Work required
The answer must be an exact reproduction of all the entries.

** Dataset records follows **

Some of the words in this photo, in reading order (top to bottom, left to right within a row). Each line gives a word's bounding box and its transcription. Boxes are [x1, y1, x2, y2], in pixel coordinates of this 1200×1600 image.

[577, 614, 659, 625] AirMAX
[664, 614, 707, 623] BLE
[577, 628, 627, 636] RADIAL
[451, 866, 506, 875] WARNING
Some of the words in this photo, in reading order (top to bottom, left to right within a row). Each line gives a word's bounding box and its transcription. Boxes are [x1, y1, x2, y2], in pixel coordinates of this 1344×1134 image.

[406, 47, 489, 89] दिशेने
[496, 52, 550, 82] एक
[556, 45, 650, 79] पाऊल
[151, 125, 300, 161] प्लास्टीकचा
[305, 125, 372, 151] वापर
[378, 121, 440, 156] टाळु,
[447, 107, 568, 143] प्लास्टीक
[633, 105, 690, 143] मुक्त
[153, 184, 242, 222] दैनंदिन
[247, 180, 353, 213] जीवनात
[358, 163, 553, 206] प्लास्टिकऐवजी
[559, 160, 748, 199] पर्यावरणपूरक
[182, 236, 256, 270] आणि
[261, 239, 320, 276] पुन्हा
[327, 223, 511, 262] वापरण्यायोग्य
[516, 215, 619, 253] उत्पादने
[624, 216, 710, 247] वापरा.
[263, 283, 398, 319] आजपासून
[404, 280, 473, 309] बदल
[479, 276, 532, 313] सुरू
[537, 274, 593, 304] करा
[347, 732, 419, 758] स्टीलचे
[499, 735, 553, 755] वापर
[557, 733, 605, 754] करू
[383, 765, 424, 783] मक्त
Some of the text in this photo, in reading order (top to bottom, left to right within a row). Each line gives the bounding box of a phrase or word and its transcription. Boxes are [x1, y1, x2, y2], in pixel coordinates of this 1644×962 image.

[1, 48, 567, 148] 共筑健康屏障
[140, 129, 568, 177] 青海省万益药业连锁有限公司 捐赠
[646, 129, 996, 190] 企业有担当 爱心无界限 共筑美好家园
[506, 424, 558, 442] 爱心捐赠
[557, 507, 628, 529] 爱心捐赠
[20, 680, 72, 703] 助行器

** End of Dataset records **

Solution for this problem
Some of the words in this photo, in reading order (top to bottom, left to right within a row). Each line gives a word's bounding box and its transcription. Boxes are [x1, y1, x2, y2], in pixel coordinates of this 1200×1600 image.

[577, 614, 659, 625] AirMAX
[664, 614, 707, 623] BLE
[577, 628, 627, 636] RADIAL
[451, 866, 506, 875] WARNING
Some of the words in this photo, in reading order (top to bottom, left to right within a row). Each line gives a word's bounding box and its transcription. Boxes are [x1, y1, x2, y2], in pixel coordinates of this 1344×1134 image.

[406, 47, 489, 89] दिशेने
[496, 52, 550, 82] एक
[556, 45, 650, 79] पाऊल
[151, 125, 300, 161] प्लास्टीकचा
[305, 125, 372, 151] वापर
[378, 121, 440, 156] टाळु,
[447, 107, 568, 143] प्लास्टीक
[633, 105, 690, 143] मुक्त
[153, 184, 242, 222] दैनंदिन
[247, 180, 353, 213] जीवनात
[358, 163, 553, 206] प्लास्टिकऐवजी
[559, 160, 748, 199] पर्यावरणपूरक
[182, 236, 256, 270] आणि
[261, 239, 320, 276] पुन्हा
[327, 223, 511, 262] वापरण्यायोग्य
[516, 215, 619, 253] उत्पादने
[624, 216, 710, 247] वापरा.
[263, 283, 398, 319] आजपासून
[404, 280, 473, 309] बदल
[479, 276, 532, 313] सुरू
[537, 274, 593, 304] करा
[347, 732, 419, 758] स्टीलचे
[499, 735, 553, 755] वापर
[557, 733, 605, 754] करू
[383, 765, 424, 783] मक्त
Some of the text in this photo, in reading order (top to bottom, left to right within a row). Each line gives the bounding box of a phrase or word and its transcription. Boxes are [x1, y1, x2, y2], in pixel coordinates of this 1644×962 image.

[1, 48, 567, 148] 共筑健康屏障
[140, 129, 568, 177] 青海省万益药业连锁有限公司 捐赠
[646, 129, 996, 190] 企业有担当 爱心无界限 共筑美好家园
[506, 424, 558, 442] 爱心捐赠
[557, 507, 628, 529] 爱心捐赠
[20, 680, 72, 703] 助行器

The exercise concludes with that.